Australian state balks at energy company's request for help with LNG terminal

FILE PHOTO: Illustration shows a model of an LNG tanker

By Sonali Paul

MELBOURNE (Reuters) -The Australian state of New South Wales on Thursday poured cold water on a proposal for government assistance to secure gas imports through an import terminal being built by the country's richest man to avert a forecast shortfall in 2023.

Australia's competition watchdog last week warned that the country's southern states face a gas supply crunch in 2023, and Energy Minister Chris Bowen and his state counterparts are due to discuss the issue at a meeting on Friday.

Ahead of the meeting, mining billionaire Andrew Forrest's Squadron Energy discussed with energy ministers this week offering to speed up development of the liquefied natural gas (LNG) import terminal it is building in New South Wales, the Australian Financial Review reported this week.

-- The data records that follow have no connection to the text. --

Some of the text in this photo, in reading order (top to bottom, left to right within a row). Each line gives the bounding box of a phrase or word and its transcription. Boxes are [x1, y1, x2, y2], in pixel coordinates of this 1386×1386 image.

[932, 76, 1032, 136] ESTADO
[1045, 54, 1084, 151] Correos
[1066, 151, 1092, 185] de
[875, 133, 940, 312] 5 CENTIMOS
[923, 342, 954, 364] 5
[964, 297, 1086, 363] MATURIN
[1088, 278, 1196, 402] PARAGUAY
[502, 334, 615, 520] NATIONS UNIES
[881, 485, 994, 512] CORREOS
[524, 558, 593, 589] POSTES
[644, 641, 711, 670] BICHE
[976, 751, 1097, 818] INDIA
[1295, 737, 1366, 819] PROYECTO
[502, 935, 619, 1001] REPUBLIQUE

A Squadron spokesperson confirmed the report, which also said the terminal could be ready in mid-2023 if an entity, such as the Australian Energy Market Operator (AEMO), agreed to use the terminal to secure gas supplies.

Squadron Chief Executive Eva Hanly had discussed with governments a proposal to have an independent body use the company's terminal to secure back-up gas supply for the market and hoped the ministers would make decisions on that at the meeting on Friday, the report said.

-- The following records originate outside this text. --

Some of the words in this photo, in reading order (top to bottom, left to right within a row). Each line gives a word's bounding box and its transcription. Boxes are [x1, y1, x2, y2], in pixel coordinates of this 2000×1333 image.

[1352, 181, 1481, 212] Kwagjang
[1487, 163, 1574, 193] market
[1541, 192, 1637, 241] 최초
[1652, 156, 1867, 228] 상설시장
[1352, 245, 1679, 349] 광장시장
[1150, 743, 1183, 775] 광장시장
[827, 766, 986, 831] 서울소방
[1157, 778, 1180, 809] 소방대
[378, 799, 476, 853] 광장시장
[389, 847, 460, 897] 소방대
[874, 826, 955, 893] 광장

The AEMO has previously said Squadron's Port Kembla LNG import terminal will be essential to beefing up gas supply in Australia's most populous state, but Squadron so far has failed to sign up enough customers for the project to be completed.

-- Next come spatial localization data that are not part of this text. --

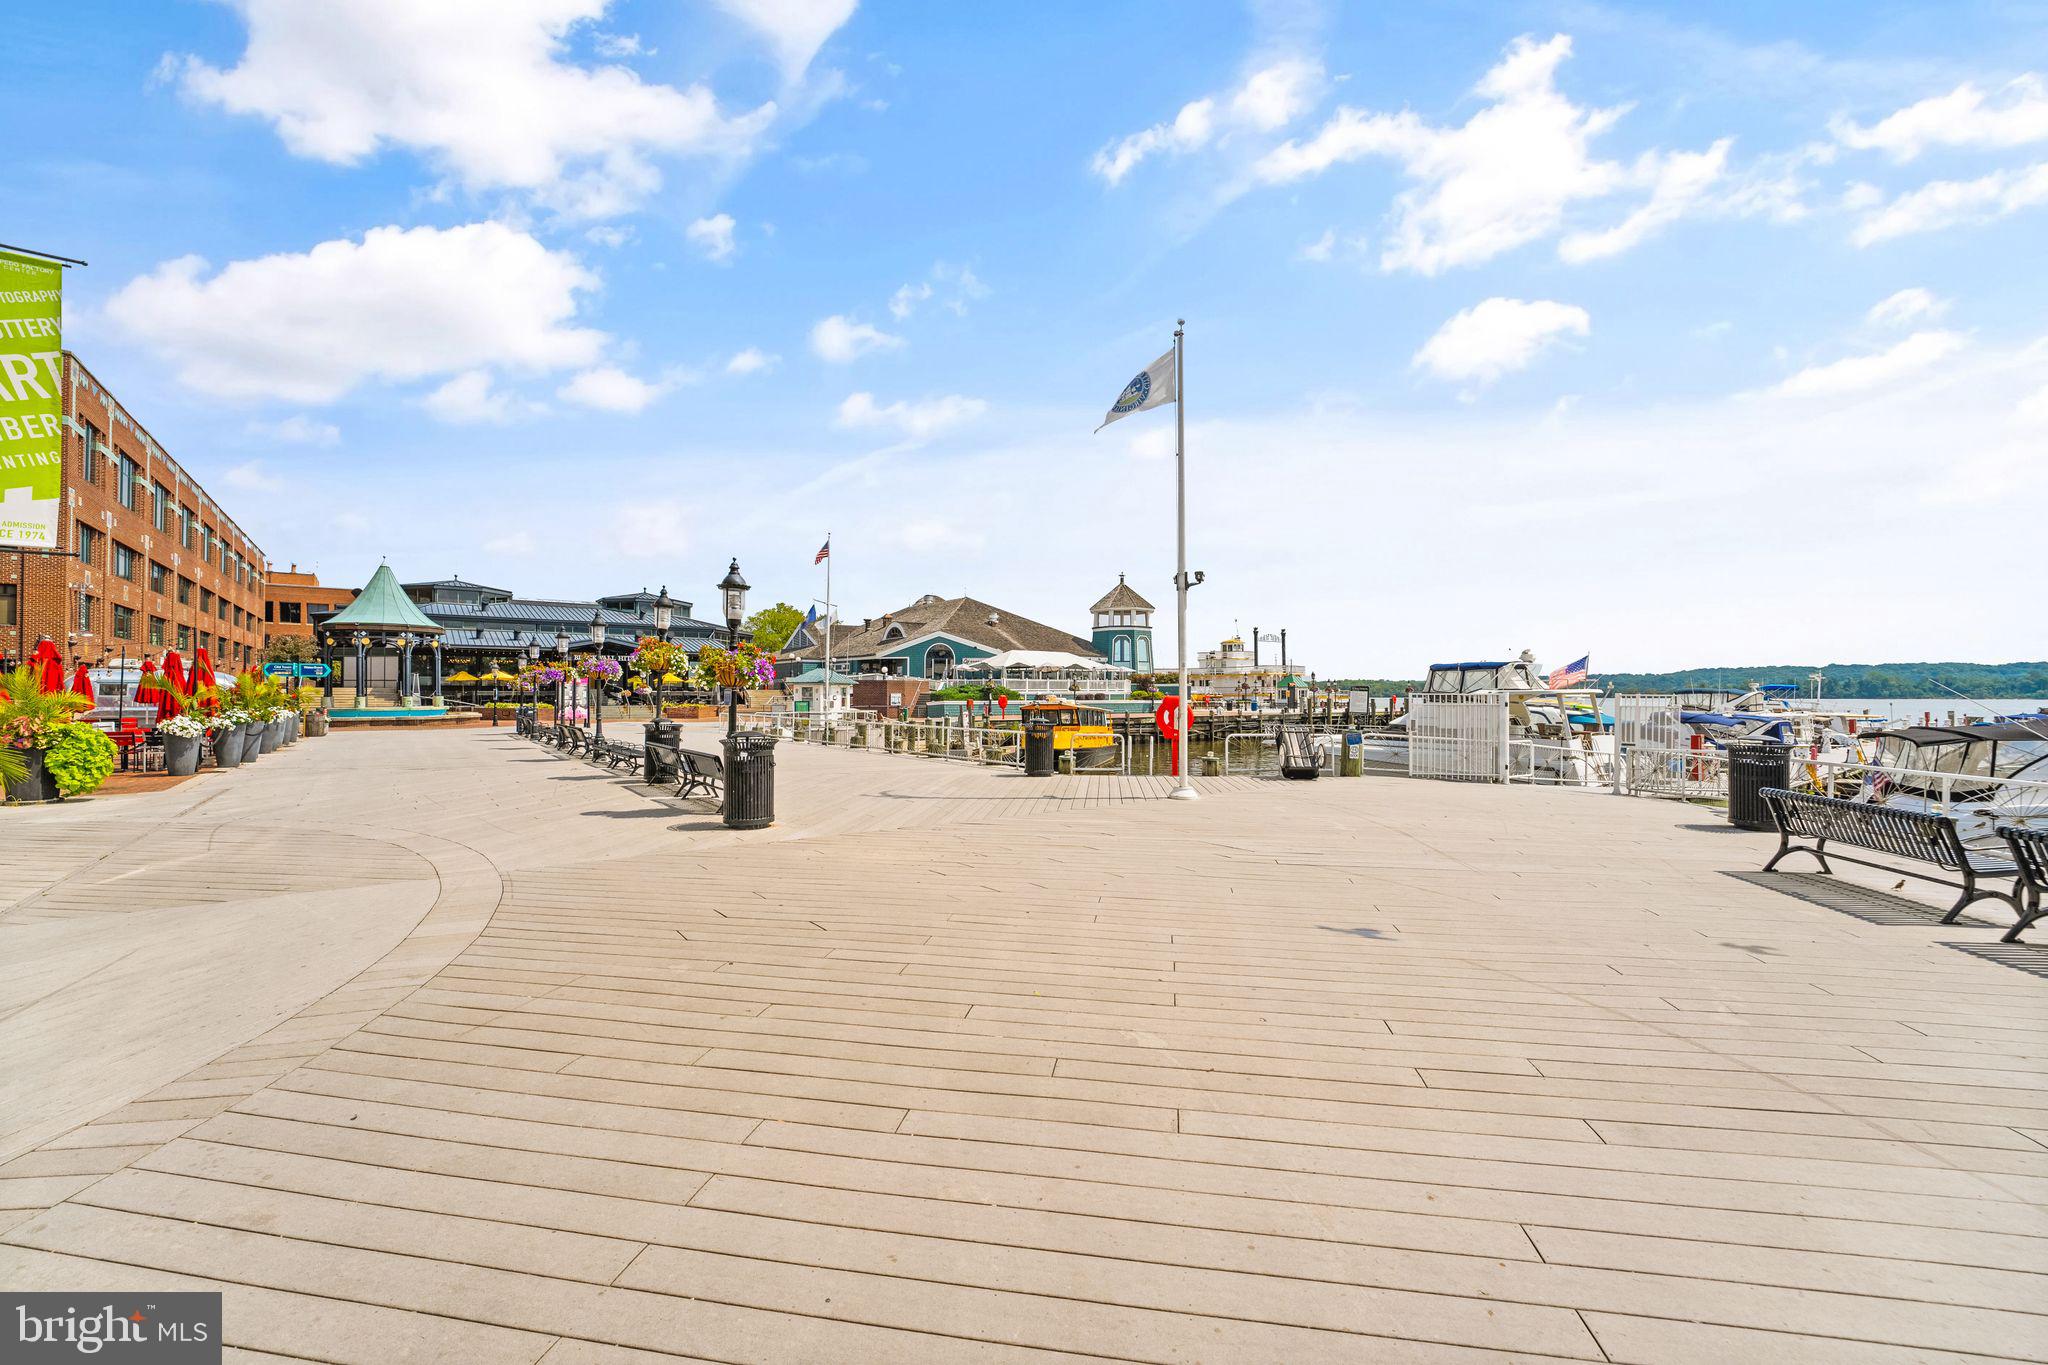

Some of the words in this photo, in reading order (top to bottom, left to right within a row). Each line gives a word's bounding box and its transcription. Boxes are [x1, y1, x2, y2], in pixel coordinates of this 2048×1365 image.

[21, 263, 54, 275] FACTORY
[0, 316, 62, 339] TTERY
[0, 413, 62, 441] BER
[0, 450, 61, 470] NTING
[1, 520, 46, 530] ADMISSION
[18, 530, 45, 541] 1974

The company has tried to line up the country's top energy retailers, including Origin Energy, to use the Port Kembla terminal to import gas, but only No. 3 retailer EnergyAustralia has signed up so far.

In response to Squadron's proposal, however, the New South Wales' government said the company should be able to find customers for its LNG project in the market, not rely on government assistance.

"Given the strong interest from commercial and industrial customers for stable, affordable gas supplies there would appear to be significant existing market opportunities for Squadron Energy to meet its minimum supply commitments to proceed with its Port Kembla project," a spokesperson for New South Wales' Department of Planning and Environment said in an emailed response to a Reuters query.

Squadron did not immediately respond to a request for comment.

Origin said it had not signed up to use the LNG terminal because it could source gas more cheaply elsewhere.

"The reason we have not entered an agreement to date is because there are cheaper sources of domestic gas supply available and these provide the best chance of keeping gas prices lower for our customers," an Origin spokesperson said.